むくみやすい、体が重だるい、胃腸が弱いといった症状がある方に多く見られます。
瘀血(滞った血流)による婦人科系の機能不良:
「瘀血」とは、血流が滞り、血液の循環が悪くなった状態を指します。
血流は、卵巣を含む婦人科系組織に栄養や酸素を供給する重要な役割を担っています。
血流が滞ると、栄養不足や老廃物の蓄積が起こり、卵子の発育に必要な環境が整わなくなります。
生理不順、生理痛、子宮内膜症など、血行不良に関連する症状を持つ方に多く見られます。
空胞が続く時の生活習慣の見直し
空胞の原因となる体質を改善するためには、日々の生活習慣の見直しとツボ刺激が有効です。

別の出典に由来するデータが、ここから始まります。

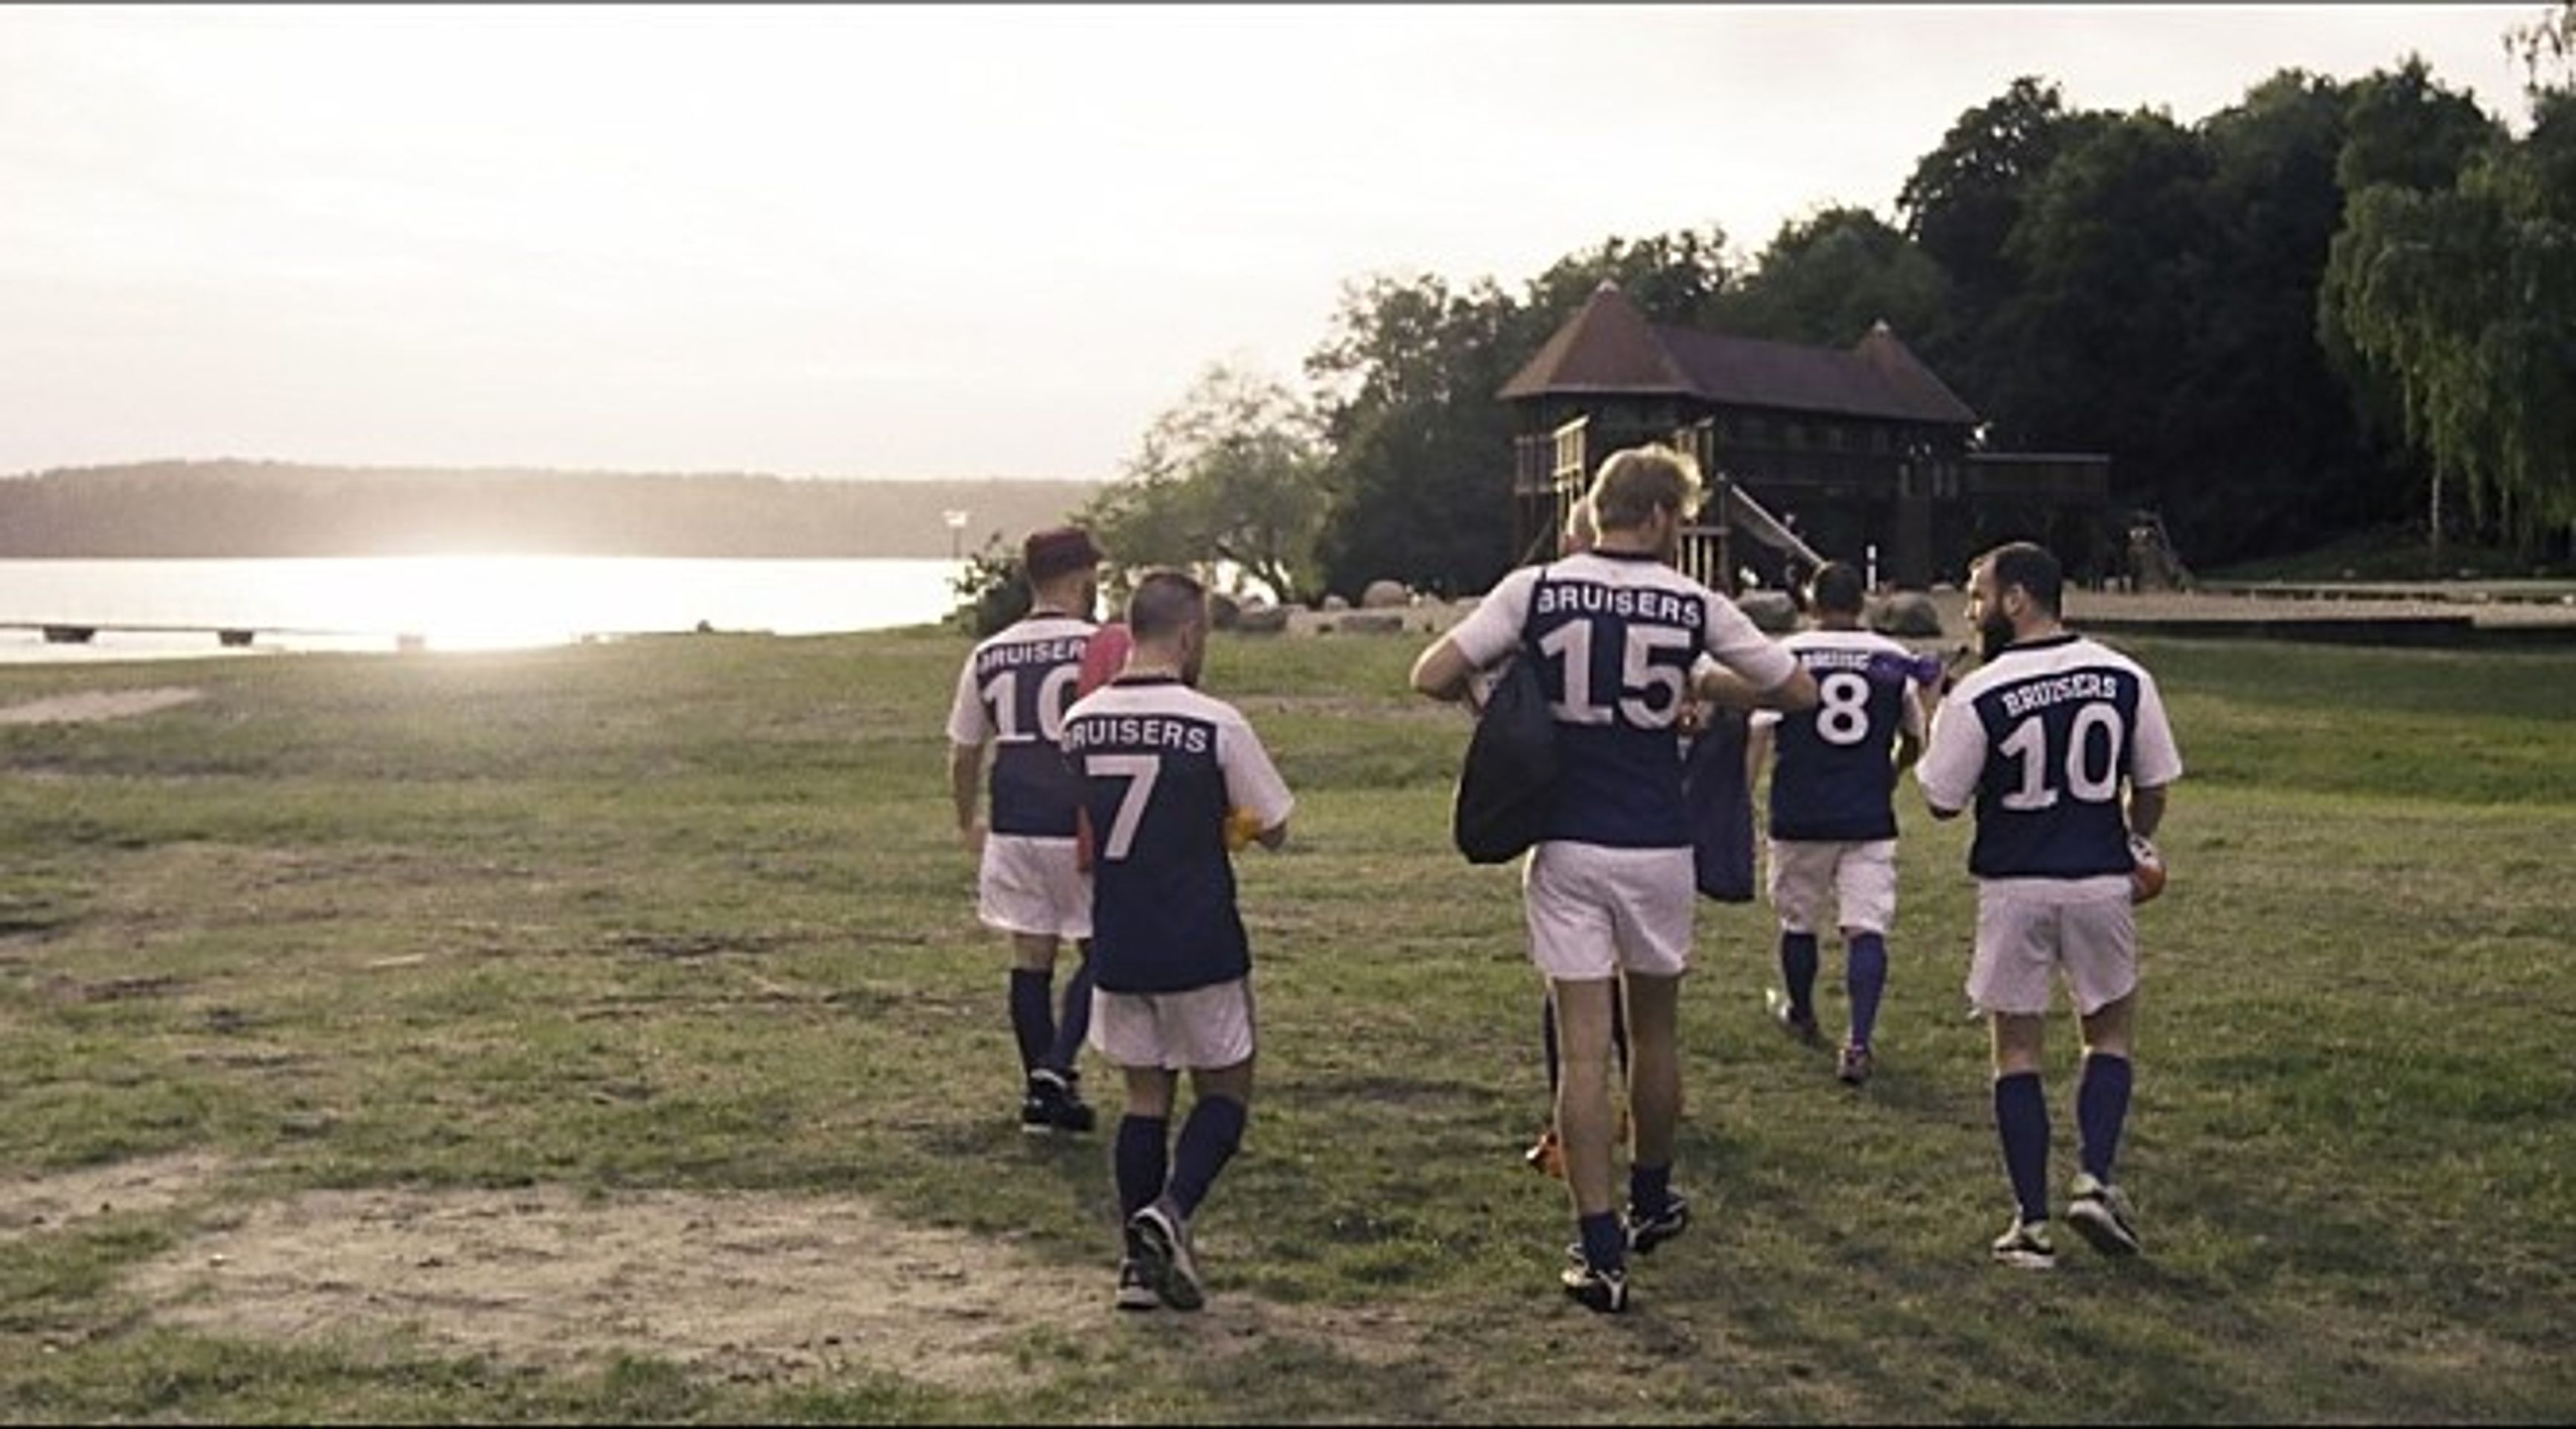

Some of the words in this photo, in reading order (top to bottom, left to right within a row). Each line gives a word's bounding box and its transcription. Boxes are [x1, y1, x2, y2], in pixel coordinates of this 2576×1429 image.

[1537, 584, 1702, 626] BRUISERS
[978, 639, 1086, 674] RUISER
[1538, 618, 1691, 729] 15
[1816, 672, 1869, 744] 8
[2002, 674, 2117, 717] BRUISERS
[1998, 703, 2123, 811] 10
[1085, 754, 1161, 860] 7
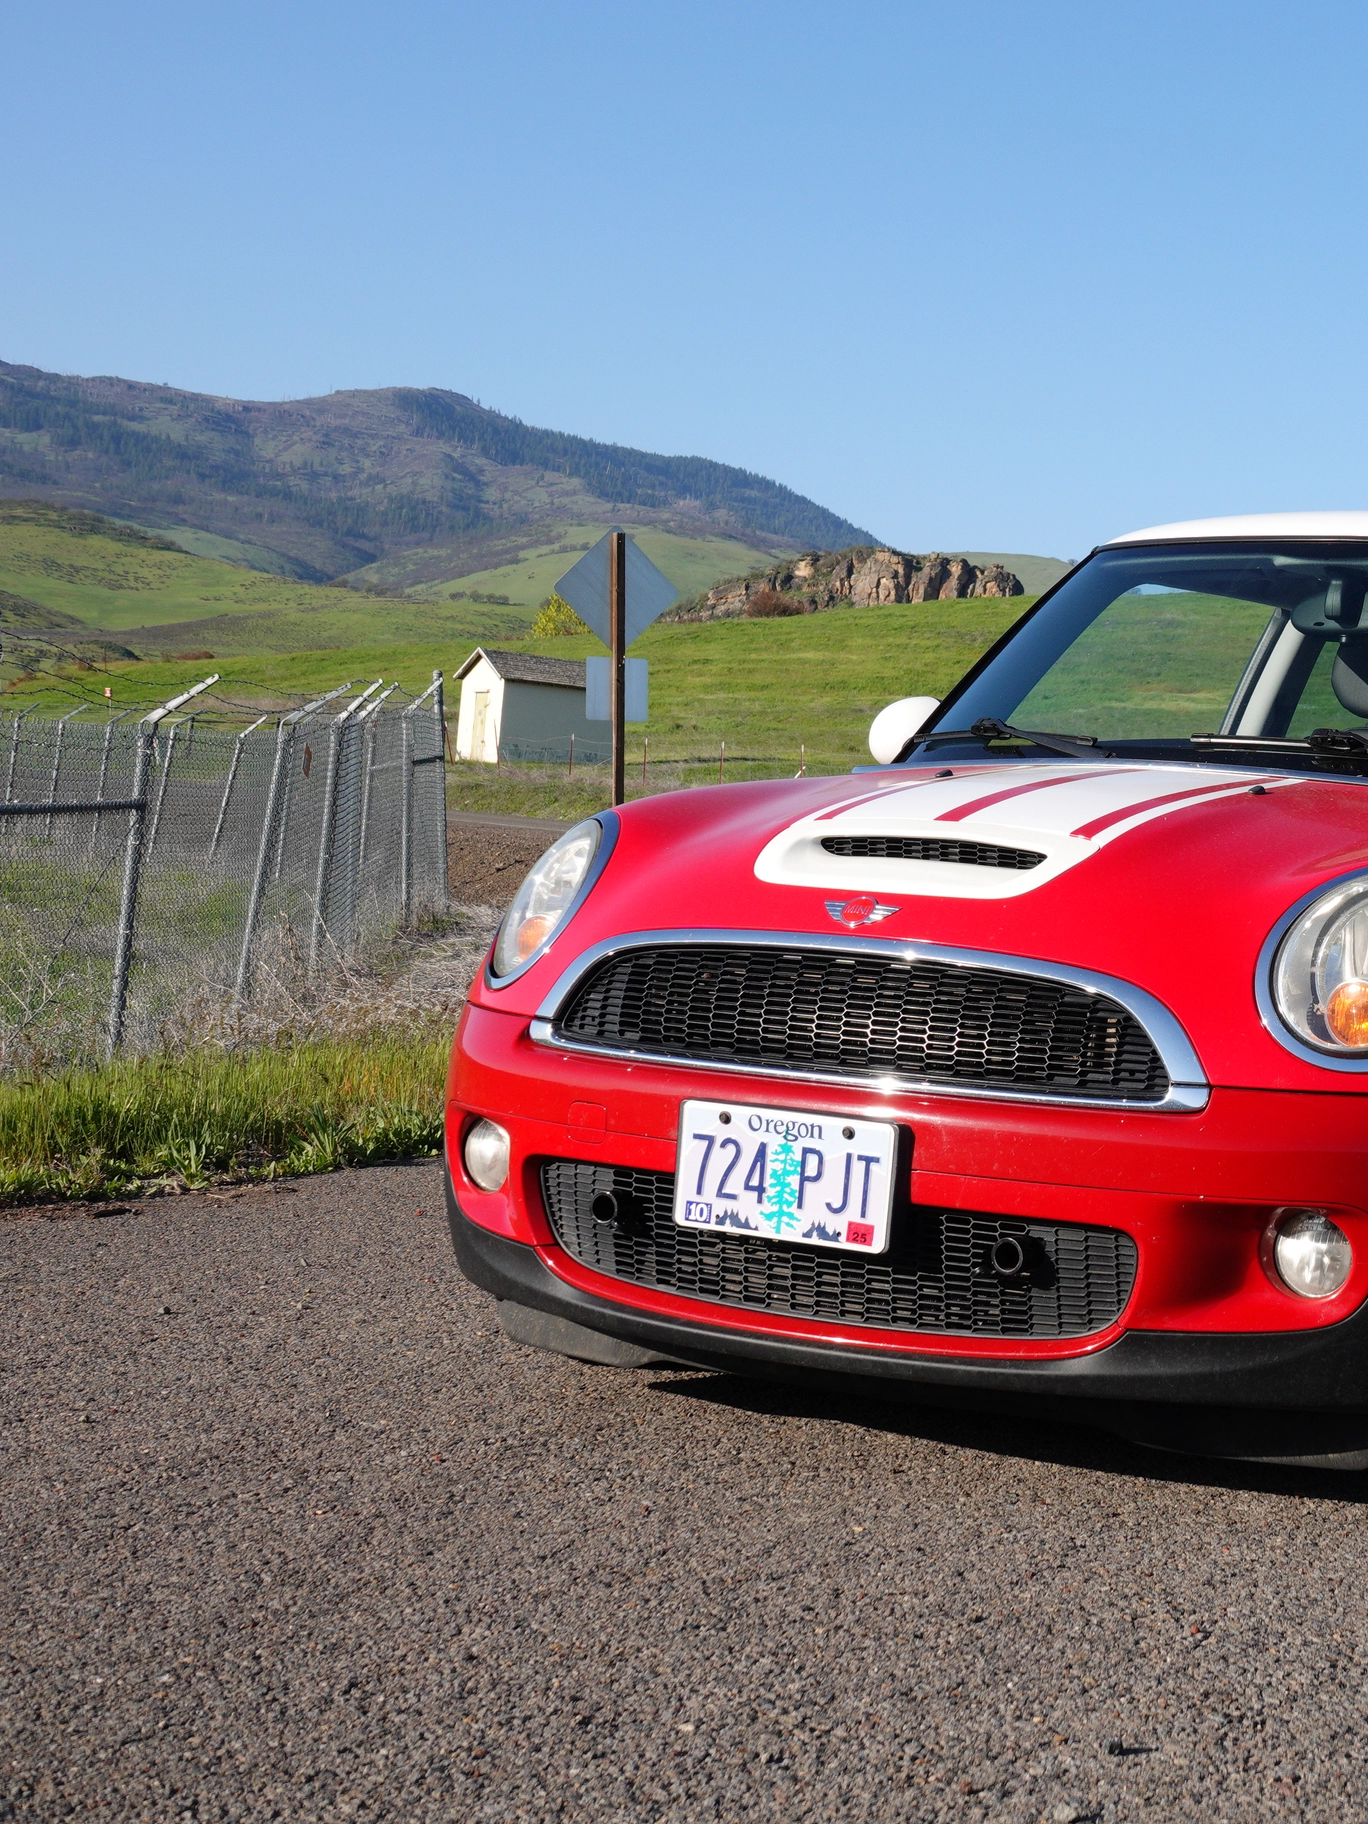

当院では、体質改善こそが根本的な解決につながると考えています。
質の高い睡眠:
十分な睡眠は、ホルモンバランスを整え、卵巣機能を正常に保つために不可欠です。
バランスの取れた食事(腹八分):
栄養バランスの良い食事は、体全体の機能をサポートし、卵子の質を高めます。食べ過ぎは体に負担をかけ、代謝を悪くする原因となります。
適度な運動:
適度な運動は血行を促進し、新陳代謝を高めます。無理のない範囲で、ウォーキングやヨガなどの軽い運動を習慣にしましょう。
休息:
疲れた時にはしっかりと休息を取り、心身のリラックスを心がけましょう。ストレスはホルモンバランスを乱す大きな要因となります。
冷え対策:
冷えは血行不良を招き、婦人科系の機能低下につながります。体を温める服装や食事を心がけ、冷えを予防しましょう。
笑顔とストレス発散:
笑うことは心身のリラックスにつながり、ストレスを軽減する効果があります。趣味を楽しんだり、友人との交流を深めたりするなど、自分なりのストレス発散方法を見つけましょう。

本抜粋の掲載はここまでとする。